**Your assignment**
A faithful, complete copy of the records is required.

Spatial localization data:
== == ==

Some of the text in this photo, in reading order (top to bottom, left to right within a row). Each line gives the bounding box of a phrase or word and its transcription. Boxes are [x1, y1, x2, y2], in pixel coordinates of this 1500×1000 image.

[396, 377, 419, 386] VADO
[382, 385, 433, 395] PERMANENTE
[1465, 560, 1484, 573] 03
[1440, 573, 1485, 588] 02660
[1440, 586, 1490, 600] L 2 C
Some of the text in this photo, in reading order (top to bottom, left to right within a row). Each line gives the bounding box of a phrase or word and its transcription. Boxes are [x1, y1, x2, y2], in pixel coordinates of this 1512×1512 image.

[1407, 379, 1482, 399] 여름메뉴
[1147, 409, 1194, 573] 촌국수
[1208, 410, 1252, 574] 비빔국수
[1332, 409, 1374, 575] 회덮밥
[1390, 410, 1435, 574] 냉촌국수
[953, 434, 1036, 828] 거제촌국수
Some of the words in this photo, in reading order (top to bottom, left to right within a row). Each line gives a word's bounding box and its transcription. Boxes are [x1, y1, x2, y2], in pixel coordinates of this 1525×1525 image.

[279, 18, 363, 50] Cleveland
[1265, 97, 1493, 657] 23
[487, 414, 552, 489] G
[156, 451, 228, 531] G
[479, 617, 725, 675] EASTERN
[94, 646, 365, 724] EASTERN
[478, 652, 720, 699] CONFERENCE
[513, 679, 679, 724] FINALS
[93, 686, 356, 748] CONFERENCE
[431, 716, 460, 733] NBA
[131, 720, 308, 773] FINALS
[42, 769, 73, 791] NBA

== == ==

**Completed task**
Some of the text in this photo, in reading order (top to bottom, left to right within a row). Each line gives the bounding box of a phrase or word and its transcription. Boxes are [x1, y1, x2, y2], in pixel coordinates of this 1500×1000 image.

[396, 377, 419, 386] VADO
[382, 385, 433, 395] PERMANENTE
[1465, 560, 1484, 573] 03
[1440, 573, 1485, 588] 02660
[1440, 586, 1490, 600] L 2 C
Some of the text in this photo, in reading order (top to bottom, left to right within a row). Each line gives the bounding box of a phrase or word and its transcription. Boxes are [x1, y1, x2, y2], in pixel coordinates of this 1512×1512 image.

[1407, 379, 1482, 399] 여름메뉴
[1147, 409, 1194, 573] 촌국수
[1208, 410, 1252, 574] 비빔국수
[1332, 409, 1374, 575] 회덮밥
[1390, 410, 1435, 574] 냉촌국수
[953, 434, 1036, 828] 거제촌국수
Some of the words in this photo, in reading order (top to bottom, left to right within a row). Each line gives a word's bounding box and its transcription. Boxes are [x1, y1, x2, y2], in pixel coordinates of this 1525×1525 image.

[279, 18, 363, 50] Cleveland
[1265, 97, 1493, 657] 23
[487, 414, 552, 489] G
[156, 451, 228, 531] G
[479, 617, 725, 675] EASTERN
[94, 646, 365, 724] EASTERN
[478, 652, 720, 699] CONFERENCE
[513, 679, 679, 724] FINALS
[93, 686, 356, 748] CONFERENCE
[431, 716, 460, 733] NBA
[131, 720, 308, 773] FINALS
[42, 769, 73, 791] NBA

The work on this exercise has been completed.